Por Mauro Camargo
Uma tendência humana é criar zonas de conforto. Bem, criar zonas de conforto é um princípio evolutivo, que nos tirou das cavernas escuras e nos colocou em lares aquecidos, iluminados e protegidos. Excetuando-se os estados mentais patológicos, ninguém começa um dia querendo deliberadamente sofrer ou ser infeliz. Na nossa longa escalada evolutiva, instinto e egoísmo se misturaram e se completaram, para que pudéssemos superar obstáculos sem conta e, assim, ter as alegrias imediatas da conservação de cada espécie a que já pertencemos.
Na fase evolutiva em que estamos, com o instinto plenamente desenvolvido, o sentimento começa a se descortinar como uma necessidade de manutenção da vida e fator fundamental para a evolução. A manutenção da vida é o instinto primordial de todas as espécies e, por mais que ainda vejamos tanta truculência e dor nas relações, é inegável que já se começa a perceber que não há saída para a humanidade que não seja pelo respeito, pela civilidade e pela empatia. E se não respeitarmos o meio ambiente? E se continuarmos somente extraindo e poluindo? E se não respeitarmos as diferentes culturas; as incontáveis diversidades? E se insistirmos na guerra? Qual a porcentagem da população mundial que vê na guerra o caminho para a paz?

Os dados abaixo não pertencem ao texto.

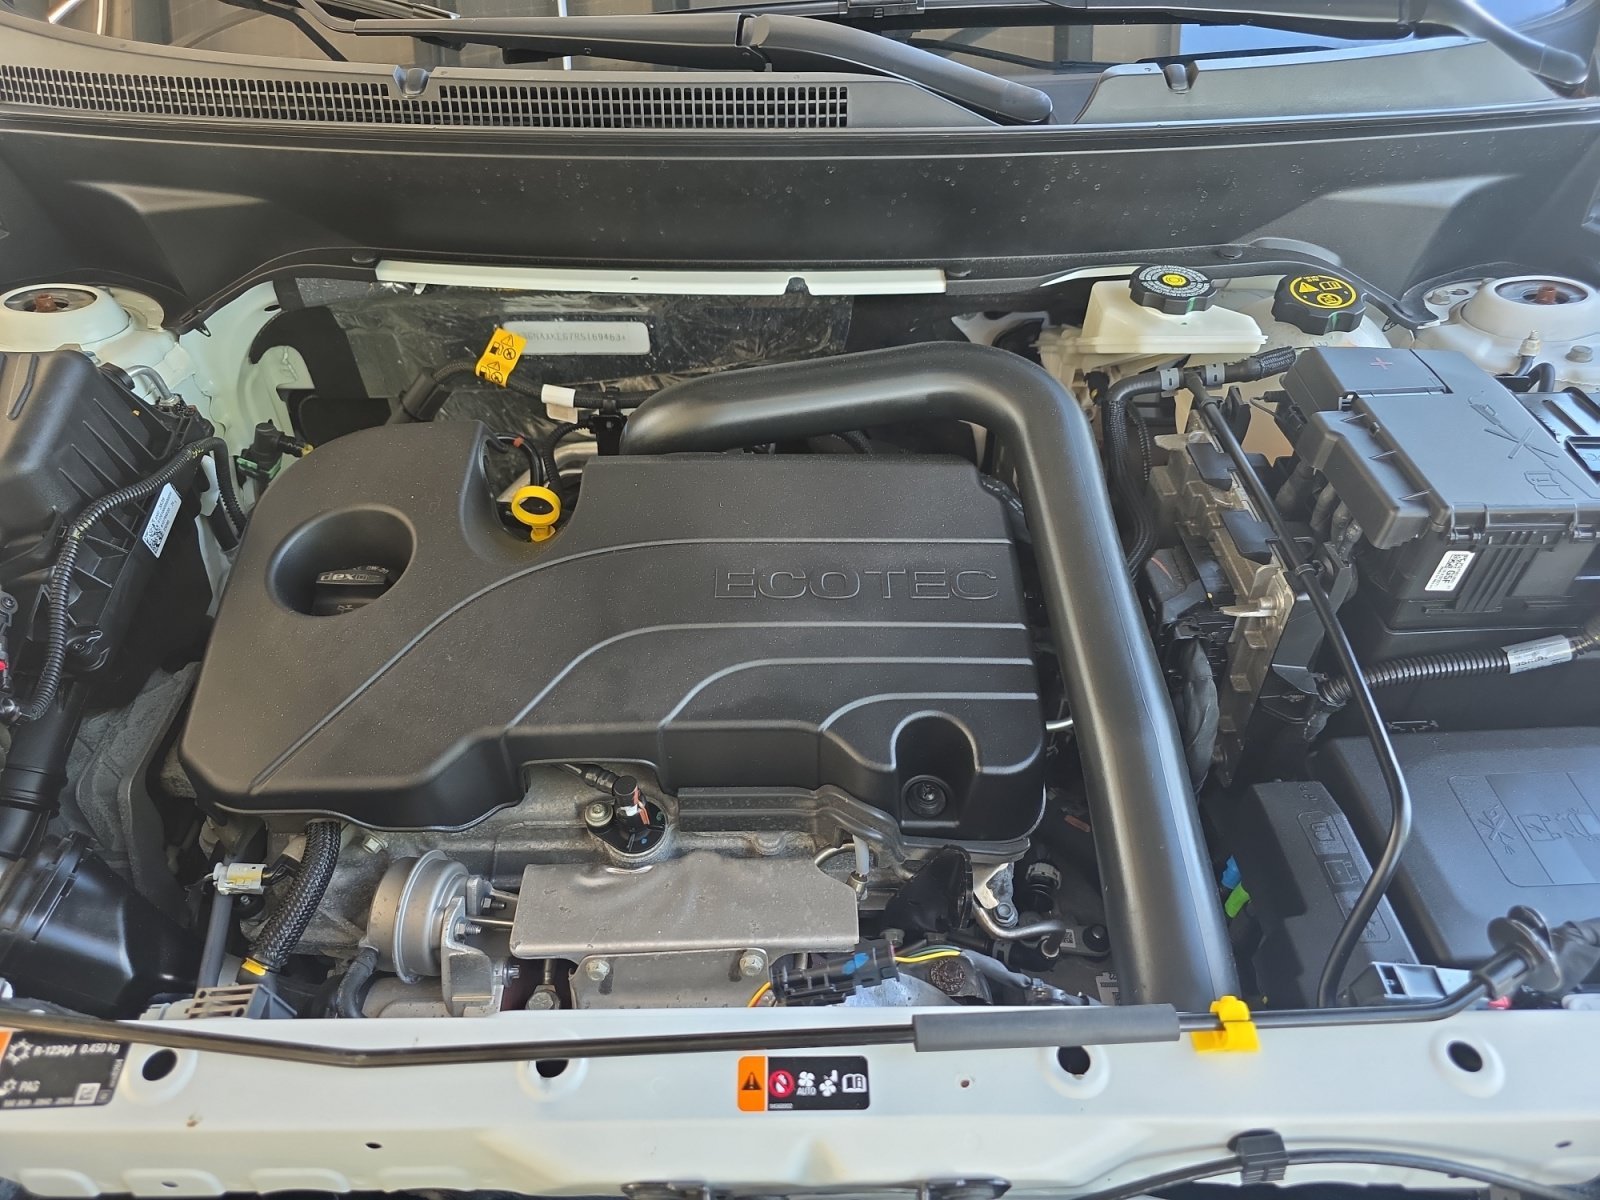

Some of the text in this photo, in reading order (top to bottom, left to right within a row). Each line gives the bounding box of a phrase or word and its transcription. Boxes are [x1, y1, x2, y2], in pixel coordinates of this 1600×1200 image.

[714, 567, 999, 600] ECOTEC
[80, 1043, 106, 1055] 0.450
[107, 1043, 120, 1055] kg
[796, 1086, 817, 1096] AUTO

Em cada salto mínimo na escada evolutiva, tão sutil que nem se pode perceber os degraus, um vilão perde a força; um abraço salva vidas. Os malvados, os tiranos, os arrogantes, os violentos, os mentirosos, cada vez mais se destacam fora do contexto civilizatório de um mundo altamente interligado e de informações instantâneas. Assim o ser humano vai aprendendo, muito pouco a pouco, a ler a imensa carta escrita por Deus nas estrelas e que fala do drama existencial de todos nós. Uma leitura difícil, mas que a cada dia mais pessoas conseguem aprender, quase que inconscientemente, até mesmo imperceptivelmente. É como se estivéssemos aprendendo outro idioma e nos deslumbrando por entender o que antes eram só sons ou símbolos desconexos e incompreensíveis.
A carta que Deus escreveu nas estrelas é a nossa vida, do mineral ao anjo. Por mais que ainda exista a guerra e a fome, a posse inconsequente e a arbitrariedade, naturalmente a humanidade entende que não há como retroceder; não há como evitar o anjo que ainda seremos e que cresce irresistivelmente em cada um. Uma massa crítica se forma e, na contagem de tempo da eternidade, a alegria vai substituindo a dor da alma na medida em que aprendemos a valorar os bens adequados, a abandonar ideias e apegos mais ligados ao instinto do que ao amor. Amor, bem se entenda, de doação. Que nada pede, que nada espera, que tudo dá (mesmo sem deixar de ser severo). Amor marcado na figura do Cristo, com seu exemplo divino de doação pelo nosso crescimento.
Jesus é o responsável pela nossa humanidade e os versos de Deus nas estrelas sobre ele falam somente de amor. Amor de doação em todos os momentos em que esteve materialmente entre nós. Não havendo no nosso tempo outro espírito desta grandeza, é natural que seu exemplo seja único e perfeito. E nós, futuros anjos, mas ainda infinitamente distante dos cristos, que engatinhamos no processo de aprender a amar e a se doar, vemos no Natal uma ocasião para celebrar a vida, o nascimento, os encontros, a esperança, as alegrias, as memórias, a saudade, os presentes, as promessas íntimas de sermos melhores.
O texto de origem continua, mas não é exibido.